A quien puso por escrito estas palabras recogidas en el Evangelio poco le debía importar el “qué dirán”. Y a quien las pronunció, pues mucho menos todavía. Los que hoy piensan —y llegan incluso a afirmar sin ningún rebozo— que en aquellos tiempos antiguos era más fácil evangelizar, es decir, dar testimonio ante la gente acerca de Jesús, sinceramente no tienen ni idea de lo que dicen. El mundo en medio del cual vio la luz el Evangelio según San Marcos era tan hostil a las Buenas Nuevas de Jesús de Nazaret que no tardó demasiado en desencadenar las primeras persecuciones contra los cristianos orquestadas por autoridades imperiales romanas. Tan hostil tan hostil que casi podríamos compararlo con el nuestro.

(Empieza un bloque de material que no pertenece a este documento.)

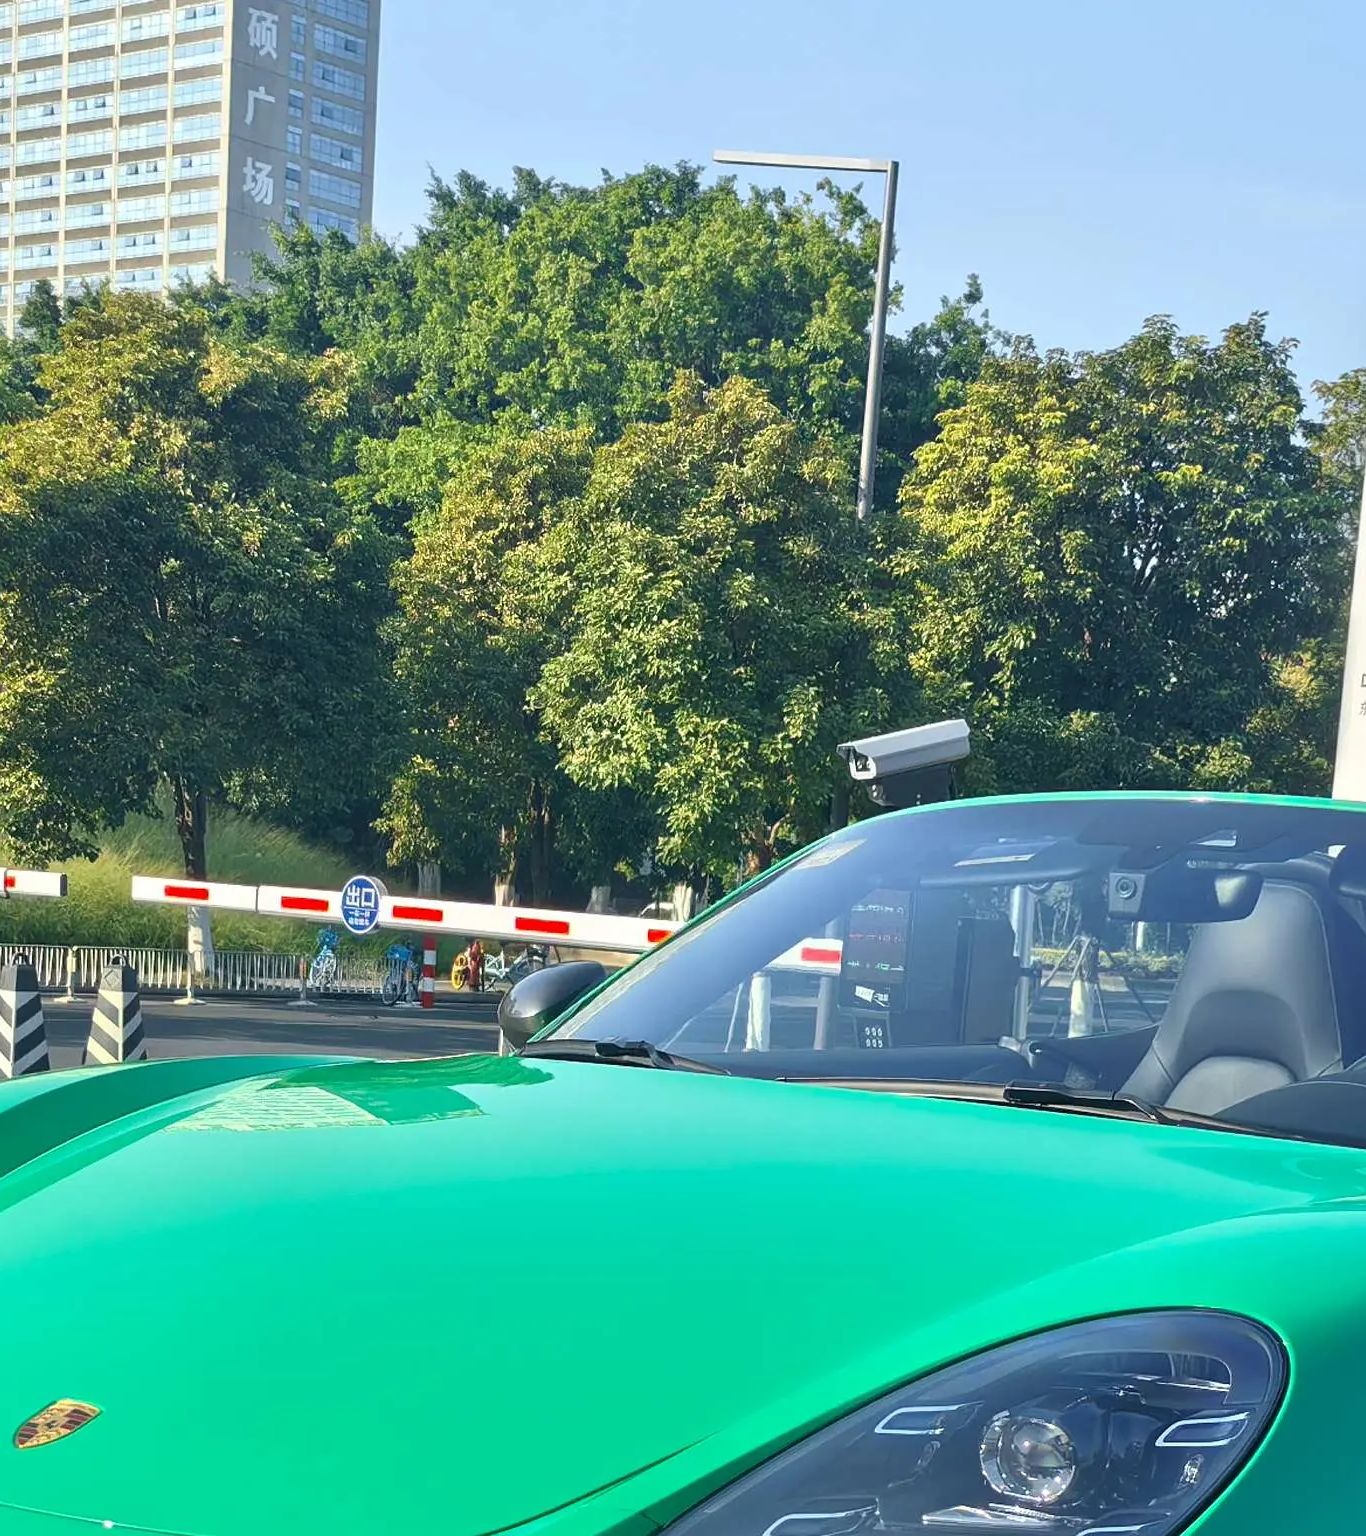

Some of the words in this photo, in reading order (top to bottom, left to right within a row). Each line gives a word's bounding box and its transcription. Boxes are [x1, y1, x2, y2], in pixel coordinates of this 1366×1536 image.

Testificar directamente acerca del Señor nunca ha sido fácil ni llevadero. Pero es la razón de ser de la Iglesia en tanto que comunidad de creyentes y discípulos de Jesús, y eso es algo que no tiene vuelta de hoja, nos guste reconocerlo o no.

Desde hace ya algún tiempo —bastantes años, décadas incluso— venimos comprobando cómo la sociedad actual, al menos en nuestro país y algunos de nuestro entorno inmediato europeo, considera de buen tono el que ciertas figuras públicas hagan propaganda de sus particulares “filosofías” o creencias religiosas siempre y cuando sean distintas del cristianismo (que aquí en España y entre nuestros vecinos inmediatos el vulgo asimila directamente a la Iglesia católica, sin mayores planteamientos). Incluso a nivel de ciertos trabajos, como, entre otros, la enseñanza o la administración pública, parecería bien que algunos aprovecharan las horas de actividad para dejar caer —cuando no pregonar abiertamente— su filiación a tal o cual grupo, a tal o cual práctica o a tal o cual punto de vista supuestamente trascendente, con la condición, ¡no faltaría más!, de que no se trate de nada vinculado con la religión de Cristo. Ello ha propiciado que nos preguntemos más de una vez qué sucedería si un creyente cristiano evangélico hiciera otro tanto. Por más que algunos futbolistas bien conocidos hayan testificado en los medios de comunicación acerca de su fe cristiana, o pese a algún que otro caso muy particular en que un creyente haya podido expresar sus convicciones en su puesto de trabajo sin llamar demasiado la atención, lo cierto es que tal coyuntura no suele ser frecuente, e incluso los que tal hicieran se arriesgarían a recibir alguna reprimenda por parte de sus superiores o a ser acusados de proselitismo, por no mencionar el desprecio o la burla mal disimulados (o sin disimular) que ello suscitaría en contra del propio Dios, de Jesucristo, de la Biblia y de todo lo vinculado con nuestra fe.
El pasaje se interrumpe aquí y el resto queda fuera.